Automating Complex Tasks
Another key shift is using AI to automate complex computational tasks that previously required extensive human effort. AI excels at pattern recognition, prediction, optimization, and other skills that allow it to automate everything from medical diagnosis to driving cars.
Whereas traditional code must be manually written to define every step of a process, modern AI techniques like deep reinforcement learning can infer optimal policies for complex tasks through trial-and-error. This enables nuanced real-world tasks like robotic control to be automated with minimal explicit programming.
By taking over challenging computations, AI systems can greatly expand what computers can accomplish independently of human operators.
Utilizing Unstructured Data
Unlike earlier computing which relied heavily on structured data like databases, modern AI excels at extracting insight from unstructured data like images, video, audio, and natural language.
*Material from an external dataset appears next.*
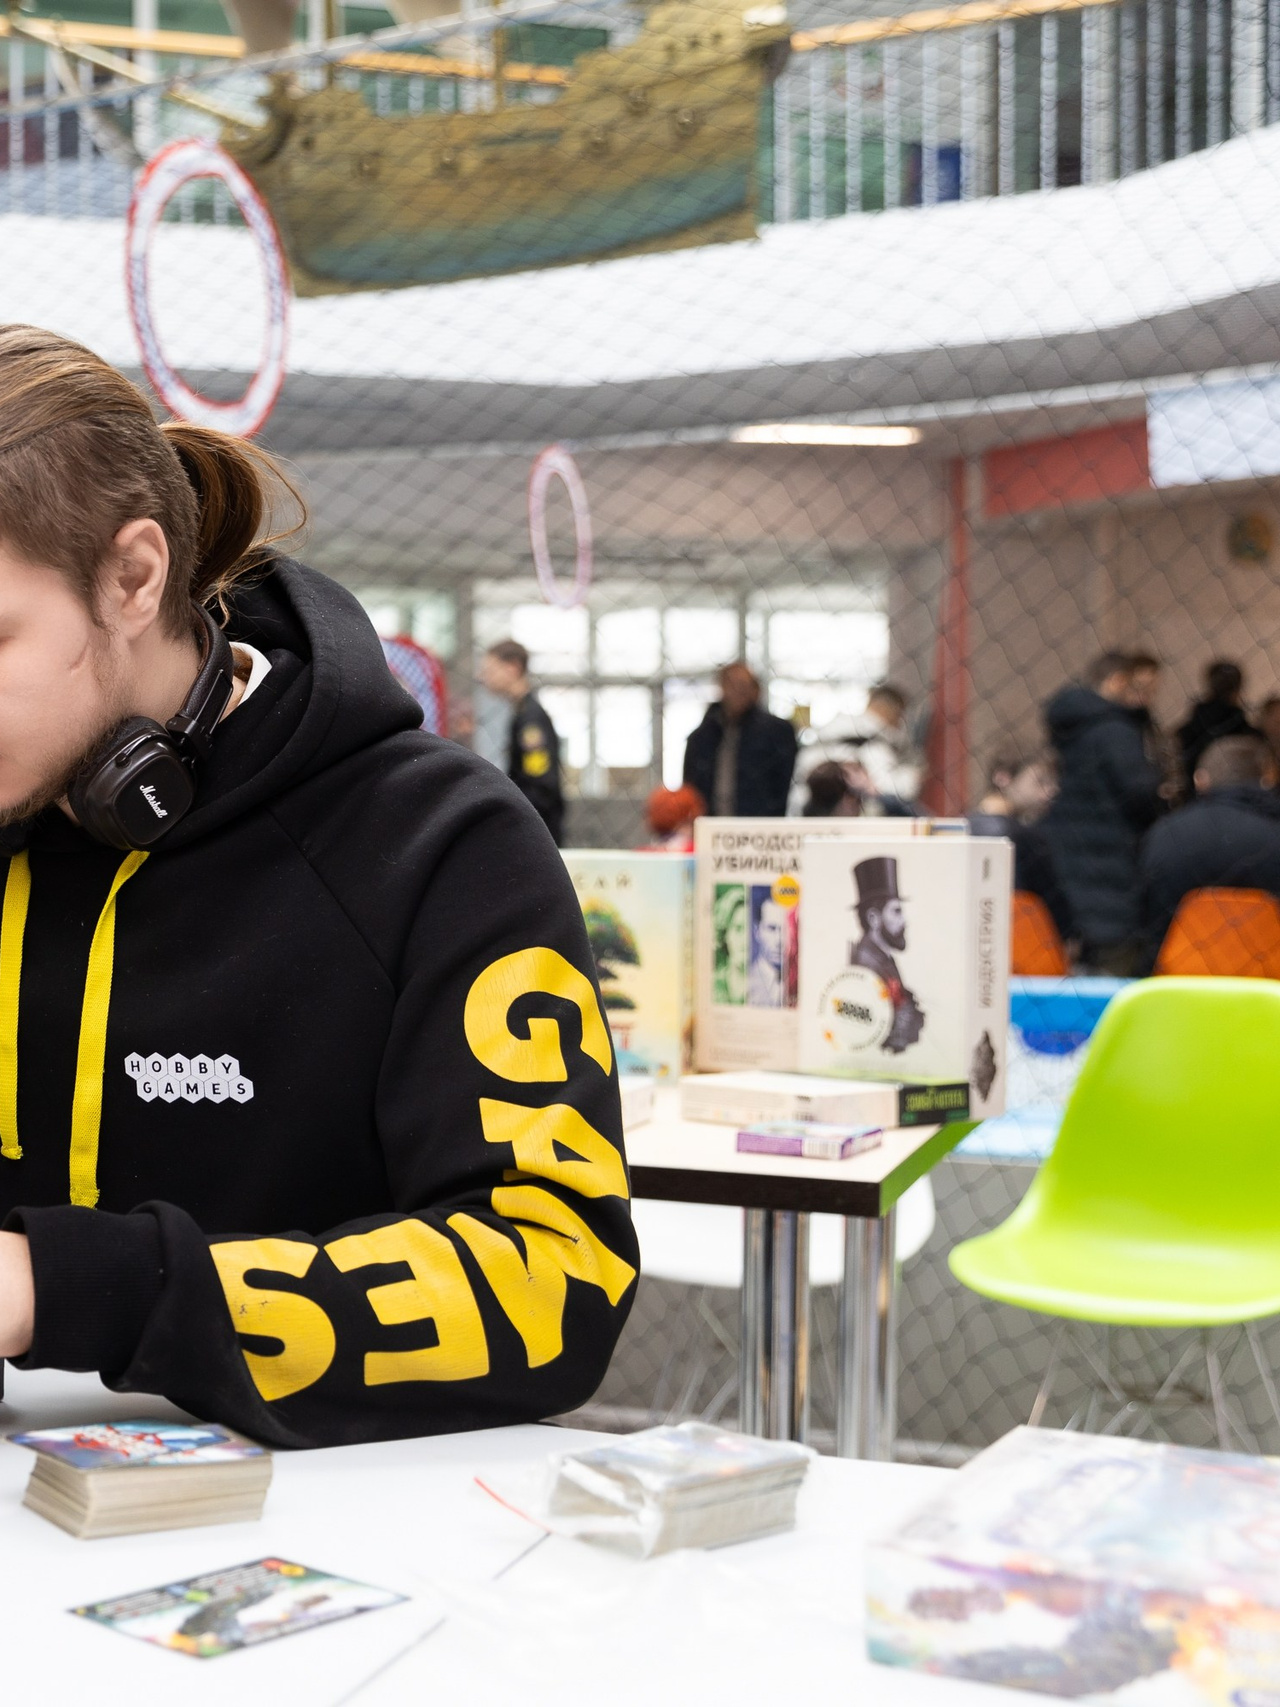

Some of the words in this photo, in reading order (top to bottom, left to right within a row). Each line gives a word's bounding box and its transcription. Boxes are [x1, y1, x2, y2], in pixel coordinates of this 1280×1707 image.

[139, 784, 168, 819] Marshall
[711, 831, 805, 850] ГОРОДС
[127, 1057, 235, 1077] HOBBY
[140, 1079, 249, 1099] GAMES
Techniques like convolutional and recurrent neural networks can find complex patterns in pixels, speech, and text data. This allows computable information to be derived from real-world sensory data, unlocking new sources of data to drive automated decision making.
For instance, AI can now identify objects in images, transcribe speech, translate languages, and understand text well enough to respond appropriately. Enabling computers to understand unstructured data and sensory input in this way expands the scope of possible computations.
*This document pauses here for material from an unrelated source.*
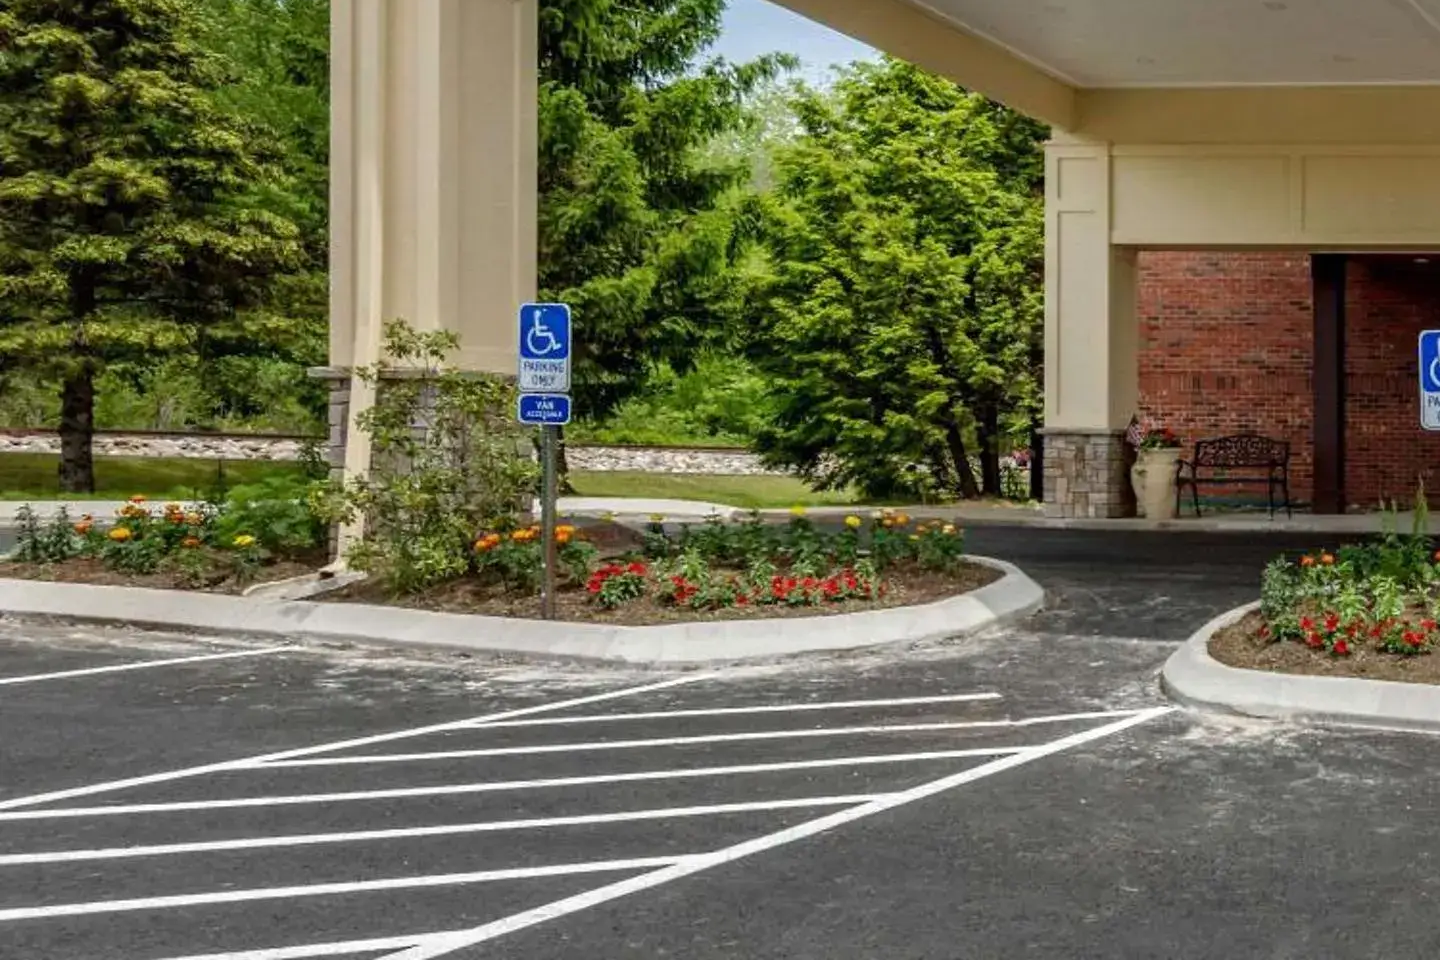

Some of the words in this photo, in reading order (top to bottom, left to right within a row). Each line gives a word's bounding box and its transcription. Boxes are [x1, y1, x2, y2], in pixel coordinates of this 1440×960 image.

[524, 361, 564, 373] PARKING
[531, 374, 556, 386] ONLY
[535, 401, 554, 410] VAN
Adapting to Dynamic Environments
Conventional programs follow static rules, which limits their ability to handle unpredictability. In contrast, AI systems like deep neural networks can adapt to make inferences in dynamic, real-world environments.
For example, self-driving cars can navigate chaotic traffic by interpreting visual data and making split-second maneuvering decisions. AI’s capacity to learn enables it to revise its behavior based on new observations without being re-programmed.
This adaptability makes AI far more robust than brittle rule-based systems when performing computations on real-world sensory data. The ability to learn and adjust computations dynamically allows AI to take on more complex, nuanced tasks.
In summary, AI is fundamentally transforming computation by accelerating innovation cycles, automating complex tasks, utilizing unstructured data, and adapting to dynamic environments. By enabling computers to learn, reason, and interact more like humans do, AI expands both the speed and scope of possible computations in revolutionary ways.